Required work:
What is needed is an exact copy of the records, with the images left out.
=== Record set ===
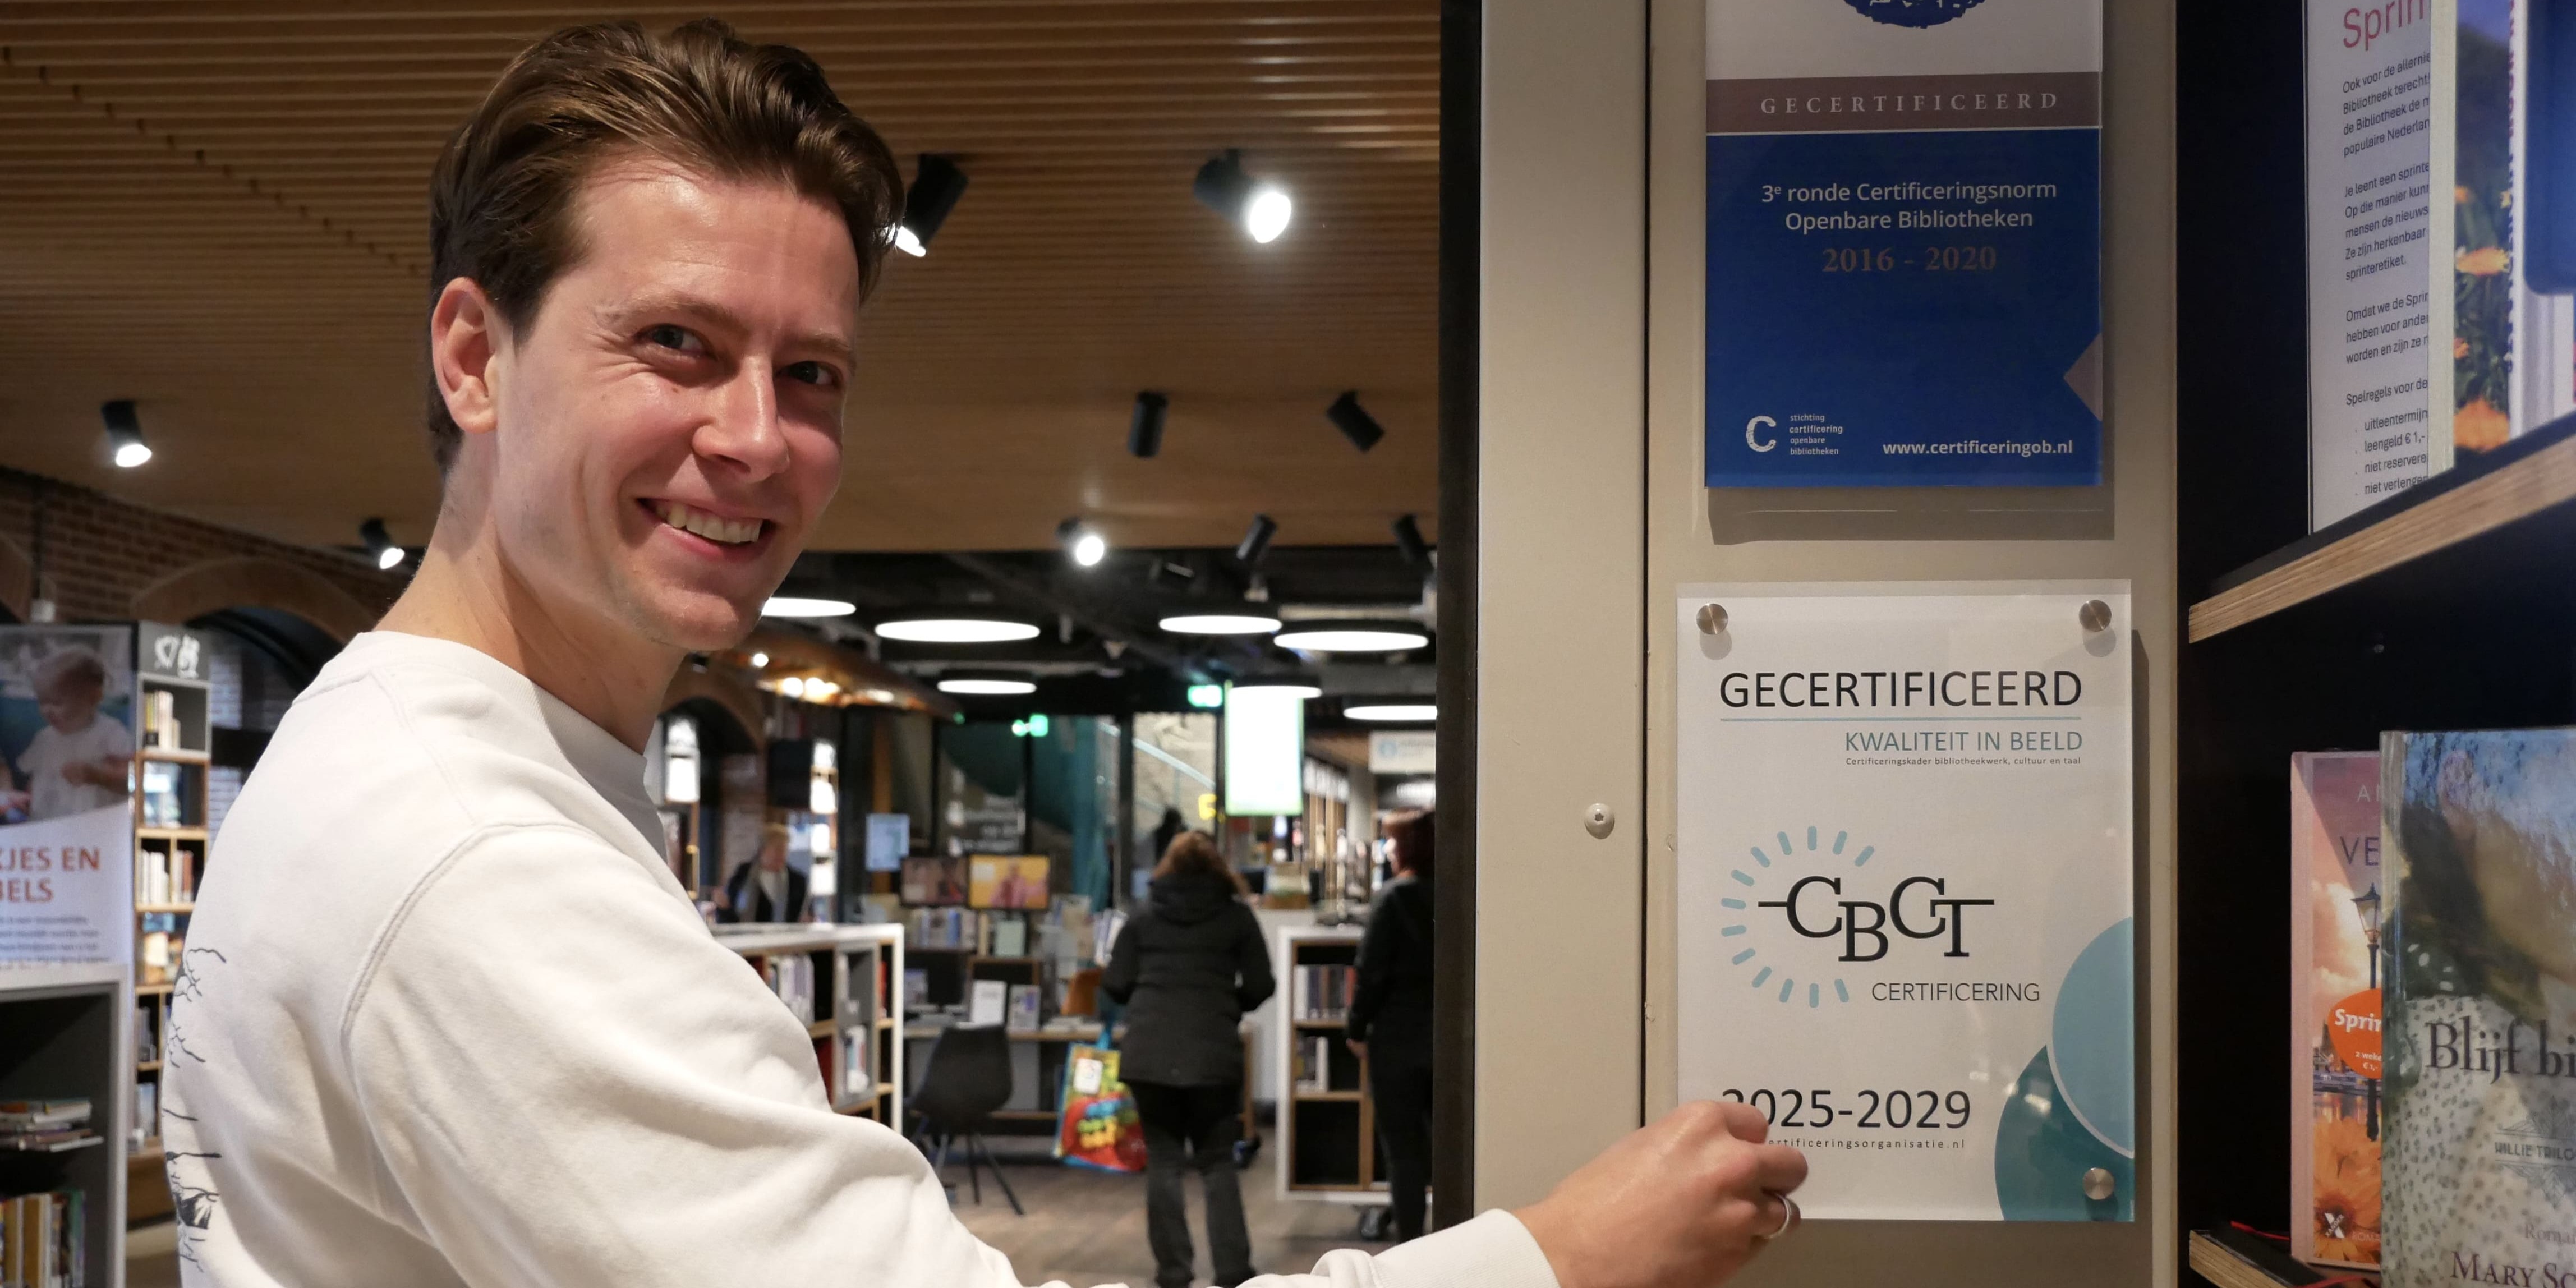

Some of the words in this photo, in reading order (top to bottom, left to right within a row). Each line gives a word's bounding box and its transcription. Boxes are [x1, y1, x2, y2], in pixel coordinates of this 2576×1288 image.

[2343, 77, 2361, 93] Ook
[2362, 71, 2382, 86] voor
[2384, 65, 2395, 78] de
[1760, 92, 2057, 114] GECERTIFICEERD
[2343, 87, 2393, 114] Bibliotheek
[2343, 123, 2354, 136] de
[2356, 103, 2407, 131] Bibliotheek
[2408, 100, 2420, 112] de
[2344, 134, 2385, 158] populaire
[1787, 183, 1850, 202] ronde
[1856, 182, 2057, 204] Certificeringsnorm
[2344, 186, 2353, 197] Je
[2356, 178, 2377, 194] leent
[2380, 173, 2396, 186] een
[2345, 206, 2358, 219] Op
[2360, 200, 2373, 214] die
[2375, 190, 2407, 208] manier
[1785, 211, 1892, 235] Openbare
[1898, 209, 2034, 229] Bibliotheken
[2345, 220, 2380, 239] mensen
[2382, 215, 2393, 228] de
[2395, 205, 2429, 223] nieuws
[2345, 247, 2356, 260] Ze
[2357, 243, 2372, 256] zijn
[2373, 228, 2426, 251] herkenbaar
[1821, 247, 1894, 273] 2016
[1925, 246, 1997, 272] 2020
[2345, 255, 2407, 281] sprinteretiket.
[2346, 305, 2376, 322] Omdat
[2377, 302, 2390, 314] we
[2392, 298, 2404, 310] de
[2346, 326, 2379, 343] hebben
[2381, 320, 2400, 334] voor
[2345, 347, 2379, 364] worden
[2380, 345, 2392, 356] en
[2393, 339, 2409, 354] zijn
[2411, 337, 2421, 348] ze
[2346, 385, 2392, 407] Spelregels
[2394, 382, 2414, 395] voor
[2416, 378, 2428, 390] de
[1789, 425, 1843, 434] certificering
[1790, 413, 1825, 422] stichting
[2365, 407, 2428, 431] uitleentermijn
[1882, 440, 2073, 457] www.certificeringob.nl
[2365, 434, 2403, 452] leengeld
[2404, 432, 2411, 444] €
[2365, 461, 2382, 473] niet
[2384, 453, 2427, 470] reservere
[2365, 482, 2381, 495] niet
[1719, 670, 2082, 707] GECERTIFICEERD
[1845, 731, 1970, 751] KWALITEIT
[1977, 731, 2001, 751] IN
[2010, 731, 2083, 751] BEELD
[1845, 757, 1932, 766] Certificeringskader
[1934, 757, 2011, 766] bibliotheekwerk,
[2013, 757, 2047, 765] cultuur
[0, 846, 53, 871] JES
[61, 845, 102, 872] EN
[0, 877, 54, 903] ELS
[1871, 982, 2040, 1002] CERTIFICERING
[2423, 1015, 2524, 1085] Blijf
[2450, 1250, 2536, 1288] MARY
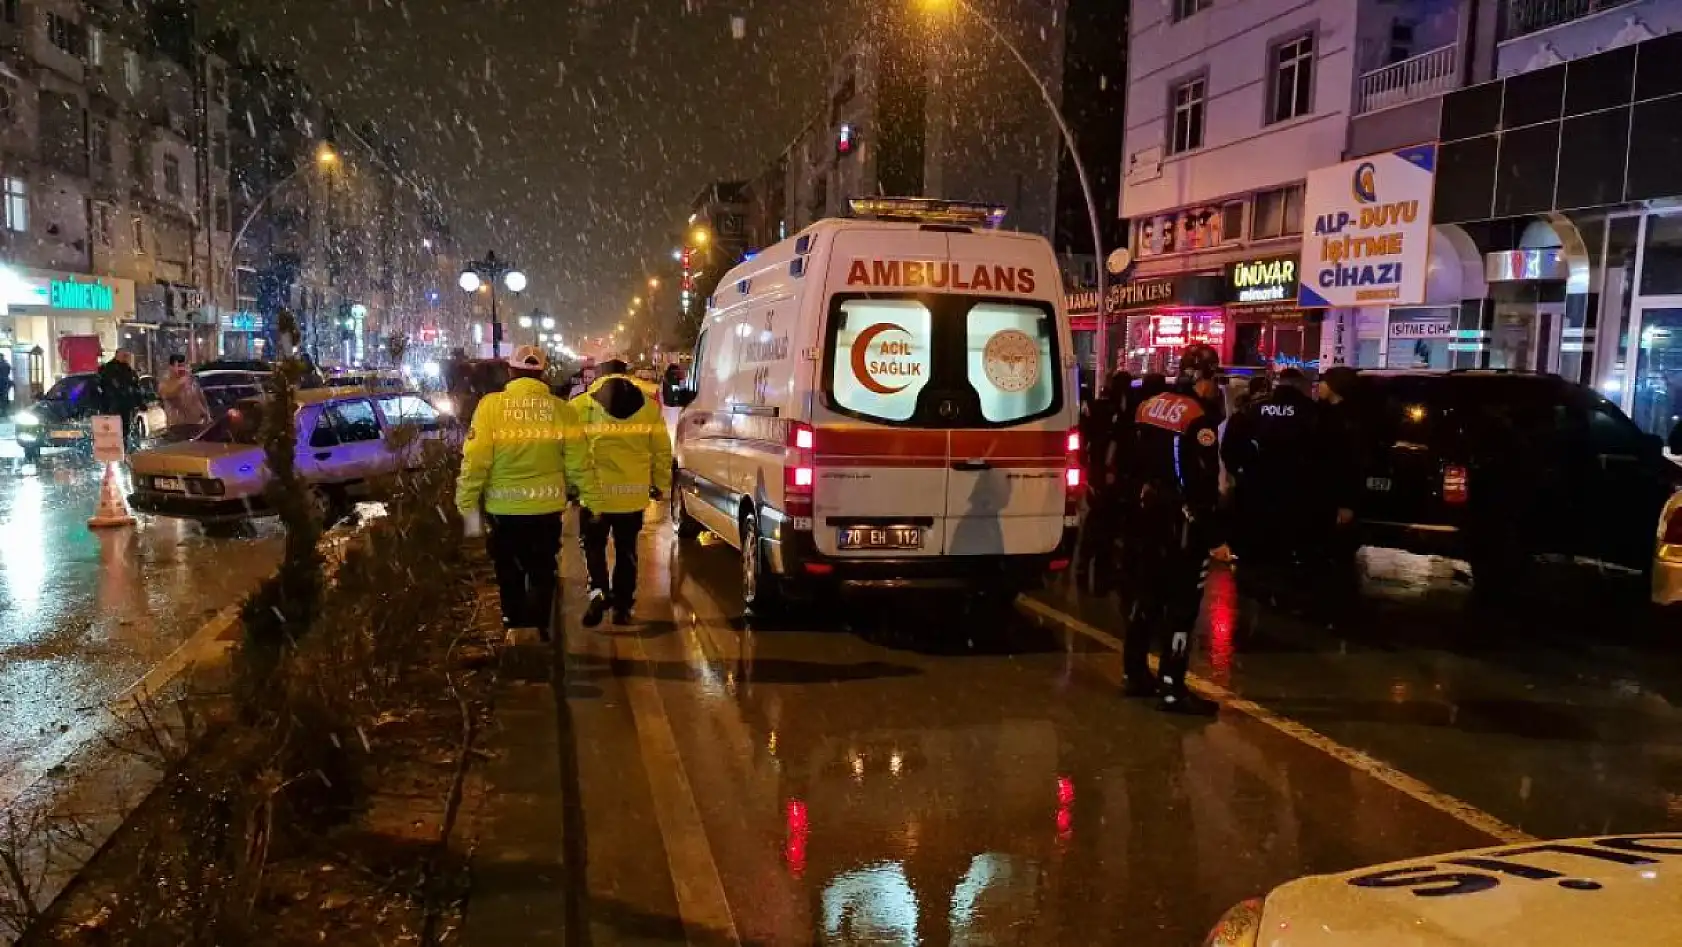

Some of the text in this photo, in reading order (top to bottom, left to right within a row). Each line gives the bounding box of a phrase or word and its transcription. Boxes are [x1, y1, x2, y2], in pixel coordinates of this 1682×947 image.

[1359, 199, 1419, 230] DUYU
[1319, 231, 1404, 265] İŞİTME
[848, 260, 1036, 294] AMBULANS
[1234, 259, 1295, 287] ÜNÜVAR
[1318, 261, 1404, 288] CİHAZI
[879, 338, 912, 356] ACİL
[869, 358, 921, 376] SAĞLIK
[847, 529, 918, 545] 70 EH 112
===
Response box:
Some of the words in this photo, in reading order (top to bottom, left to right within a row). Each line gives a word's bounding box and its transcription. Boxes are [x1, y1, x2, y2], in pixel coordinates of this 2576×1288 image.

[2343, 77, 2361, 93] Ook
[2362, 71, 2382, 86] voor
[2384, 65, 2395, 78] de
[1760, 92, 2057, 114] GECERTIFICEERD
[2343, 87, 2393, 114] Bibliotheek
[2343, 123, 2354, 136] de
[2356, 103, 2407, 131] Bibliotheek
[2408, 100, 2420, 112] de
[2344, 134, 2385, 158] populaire
[1787, 183, 1850, 202] ronde
[1856, 182, 2057, 204] Certificeringsnorm
[2344, 186, 2353, 197] Je
[2356, 178, 2377, 194] leent
[2380, 173, 2396, 186] een
[2345, 206, 2358, 219] Op
[2360, 200, 2373, 214] die
[2375, 190, 2407, 208] manier
[1785, 211, 1892, 235] Openbare
[1898, 209, 2034, 229] Bibliotheken
[2345, 220, 2380, 239] mensen
[2382, 215, 2393, 228] de
[2395, 205, 2429, 223] nieuws
[2345, 247, 2356, 260] Ze
[2357, 243, 2372, 256] zijn
[2373, 228, 2426, 251] herkenbaar
[1821, 247, 1894, 273] 2016
[1925, 246, 1997, 272] 2020
[2345, 255, 2407, 281] sprinteretiket.
[2346, 305, 2376, 322] Omdat
[2377, 302, 2390, 314] we
[2392, 298, 2404, 310] de
[2346, 326, 2379, 343] hebben
[2381, 320, 2400, 334] voor
[2345, 347, 2379, 364] worden
[2380, 345, 2392, 356] en
[2393, 339, 2409, 354] zijn
[2411, 337, 2421, 348] ze
[2346, 385, 2392, 407] Spelregels
[2394, 382, 2414, 395] voor
[2416, 378, 2428, 390] de
[1789, 425, 1843, 434] certificering
[1790, 413, 1825, 422] stichting
[2365, 407, 2428, 431] uitleentermijn
[1882, 440, 2073, 457] www.certificeringob.nl
[2365, 434, 2403, 452] leengeld
[2404, 432, 2411, 444] €
[2365, 461, 2382, 473] niet
[2384, 453, 2427, 470] reservere
[2365, 482, 2381, 495] niet
[1719, 670, 2082, 707] GECERTIFICEERD
[1845, 731, 1970, 751] KWALITEIT
[1977, 731, 2001, 751] IN
[2010, 731, 2083, 751] BEELD
[1845, 757, 1932, 766] Certificeringskader
[1934, 757, 2011, 766] bibliotheekwerk,
[2013, 757, 2047, 765] cultuur
[0, 846, 53, 871] JES
[61, 845, 102, 872] EN
[0, 877, 54, 903] ELS
[1871, 982, 2040, 1002] CERTIFICERING
[2423, 1015, 2524, 1085] Blijf
[2450, 1250, 2536, 1288] MARY

Some of the text in this photo, in reading order (top to bottom, left to right within a row). Each line gives the bounding box of a phrase or word and its transcription. Boxes are [x1, y1, x2, y2], in pixel coordinates of this 1682×947 image.

[1359, 199, 1419, 230] DUYU
[1319, 231, 1404, 265] İŞİTME
[848, 260, 1036, 294] AMBULANS
[1234, 259, 1295, 287] ÜNÜVAR
[1318, 261, 1404, 288] CİHAZI
[879, 338, 912, 356] ACİL
[869, 358, 921, 376] SAĞLIK
[847, 529, 918, 545] 70 EH 112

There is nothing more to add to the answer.